A radical solution for avoiding a mid-life crisis is to avoid mid-life. One interpretation of this solution was first suggested to the cinema-going public in 1949 when the phrase 'Live fast, die young and leave a good-looking corpse' was spoken by actor John Derek in the film Knock on Any Door, which also starred Humphrey Bogart and was directed by Nicholas Ray1. Ray went on to direct James Dean, who, curiously, is widely admired for having accidentally adopted John Derek's advice.
The solution has three parts. First, it is suggested, you must 'Live fast'. 'Living fast' is not specifically defined, but it generally involves having a very good time. On achieving this first step, you consequently increase the chances of achieving the second step, which is to 'die young'. Having died young, the chances of achieving the third step are based on two main factors. The perceived beauty of the participant and the manner of the death. A very good looking person who drinks 10 bottles of champagne and then falls several hundred feet from an air-borne balloon will achieve the first two aims, but is unlikely to achieve the third.
The purported advantages of the scheme are that those engaging in it get to go to lots of parties and, at the same time, will avoid having to think about what to do with the extra years we get allocated after the age of thirty. These advantages, of course, largely depend on succeeding with all three steps.
While living fast increases the chances of dying young, it does not actually guarantee that such an event will occur. Some practitioners find that having hit the ground running with masses of parties, alcohol and high speed car chases, they simply fail to achieve step two. In many cases, these unfortunate people grow old in a confused and bewildered state, as it wasn't really supposed to happen, and now they have the added problem of looking a bit foolish. Those who actually achieve step two are generally considered to be a little bit more cool than those that don't.
If step two is achieved, the utility of step three to the practitioner is somewhat questionable. Human beings consider many things to be 'good looking', but few would add corpses to their list. While one might gain pleasure from having their flowers or pets admired as beautiful, the chances of gaining such pleasure with one's own corpse are severely limited. It is perhaps for these reasons, that, in the spread of the phrase through the collective consciousness of late-20th Century humanity, step three has been quietly laid to one side, and the phrase is more widely known in its short form: 'Live fast, die young'.
Unsurprisingly, the scheme has not widely caught on. The main reason is that it faces stiff competition from an alternative theory of living, namely: 'Live slow, die as old as possible'. This is universally popular. The vast majority of humanity chooses to go to parties at moderately spaced intervals, and to fill the intervening time with activities such as going to the office and lounging around watching television. While this entails the consequence of having to think about what to do with the extra years before dying, most people arrive at the swift solution that they should carry on pretty much as they did before. The benefits of living in this manner are that it allows you to get a few more holidays in, rent more videos and eat more dinners than you otherwise might have done.

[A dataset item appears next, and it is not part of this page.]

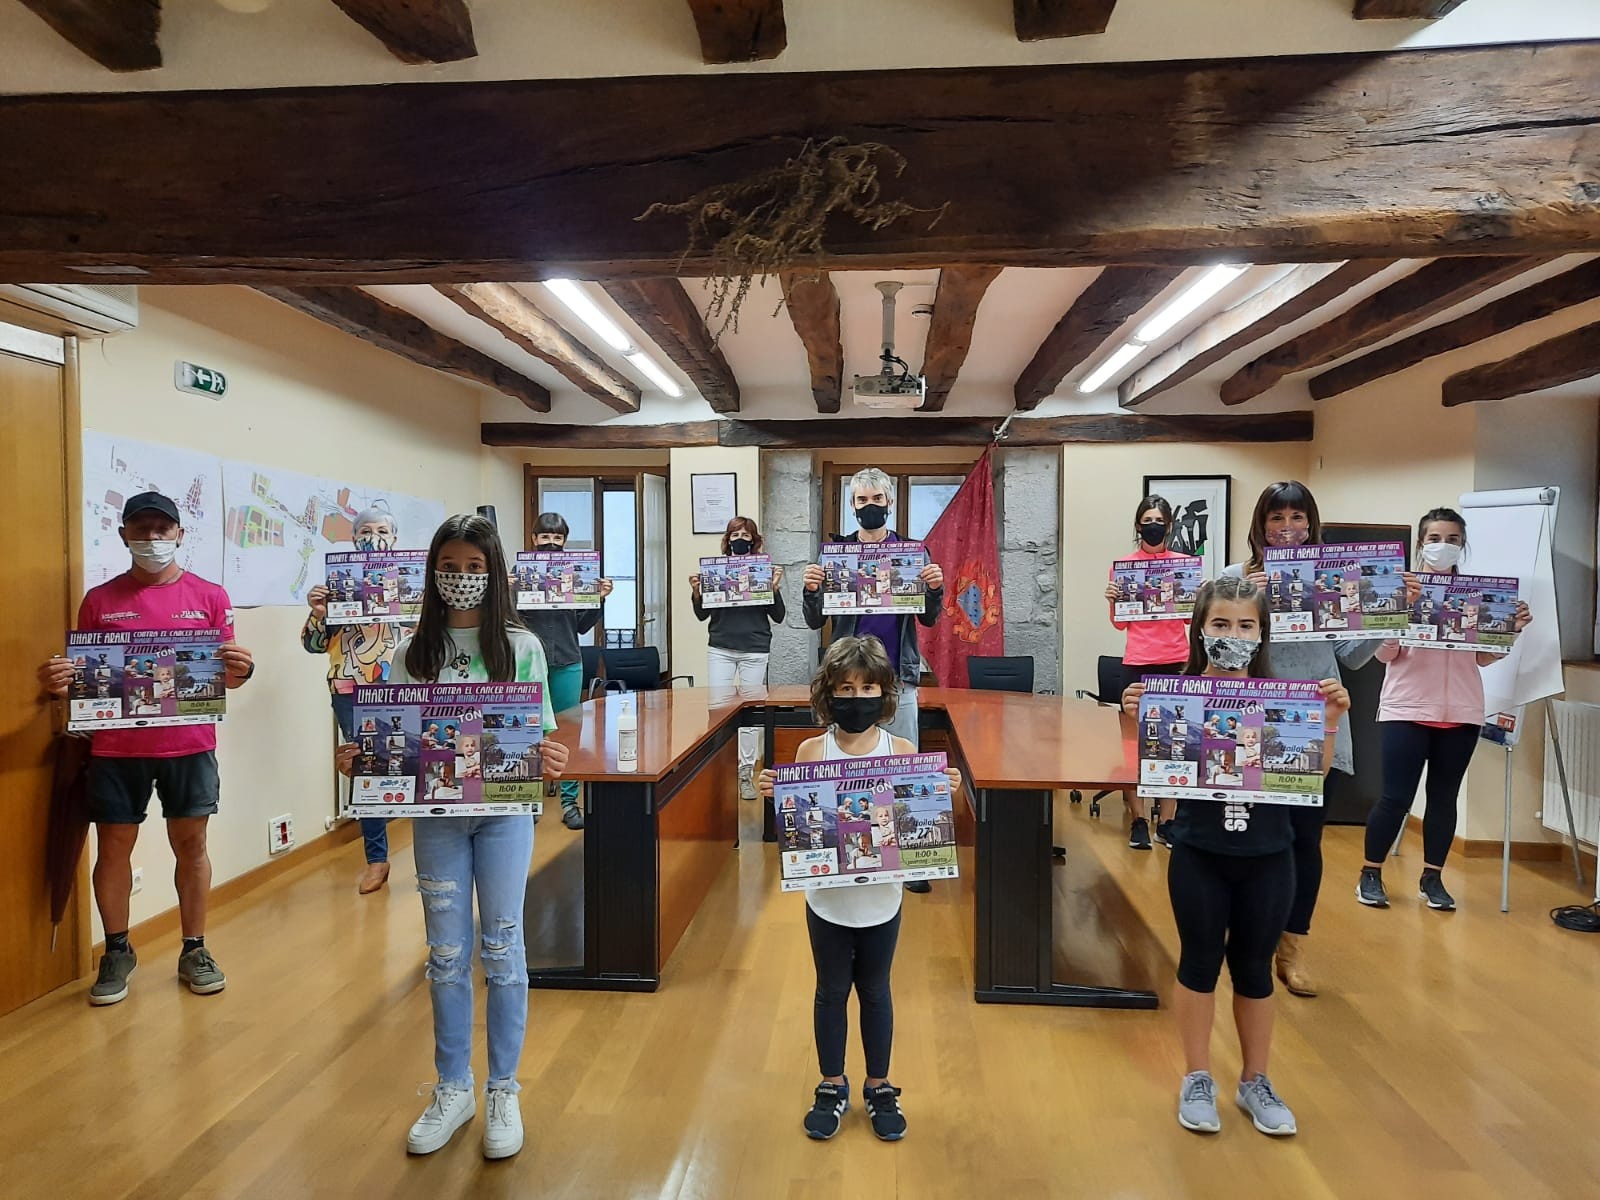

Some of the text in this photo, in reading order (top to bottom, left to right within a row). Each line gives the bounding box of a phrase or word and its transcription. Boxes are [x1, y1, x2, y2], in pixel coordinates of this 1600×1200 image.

Of those that actually practised the advice, James Dean is perhaps the most famous. He also achieves something that demonstrates a curious anomaly which seems to affect most practitioners of the scheme: The more glamorous and fast the life, the more absurd the death. James Dean lived just off Times Square, hung out with Elizabeth Taylor and Richard Burton, had wild times with Marlon Brando and invented a whole new way of smoking. Then he made a road safety commercial and was killed when he drove his Porsche at high speed into a Ford Sedan. The Sedan was being driven by a man called Mr Turnupseed. Dean died at 24. Mr Turnupseed survived the crash and lived to be 632.
Another example: Jim Morrison was frontman to a massively successful rock band (The Doors), toured all over, had lots of wild parties, and lots of wild groupies, did crazy things on and off stage, drank every drink under the sun and wandered around deserts - before getting heroin confused with cocaine and then deciding to have a bath.
But perhaps the greatest exponent of the practice was someone who managed to achieve the advice approximately 2300 years before it was actually given. In this sense, as well as others, Alexander the Great was well ahead of his time. He hung out with Aristotle, put down a Thracian rebellion, and built a massive empire all the way from Macedonia to India. He almost certainly had a few laughs along the way, but this was before he wandered into a swamp and was bitten by a mosquito. He died of malaria at 32.
The expression 'Live fast, die young and leave a good looking corpse' advocates something hardly anyone does and makes little practical sense. Yet part of it has become one of the most widely-known phrases in the western world. 'A stitch in time saves nine' it is not. It should also be noted that John Derek himself spectacularly failed to live up to his own advice. He married actress Bo Derek and lived for 62 years.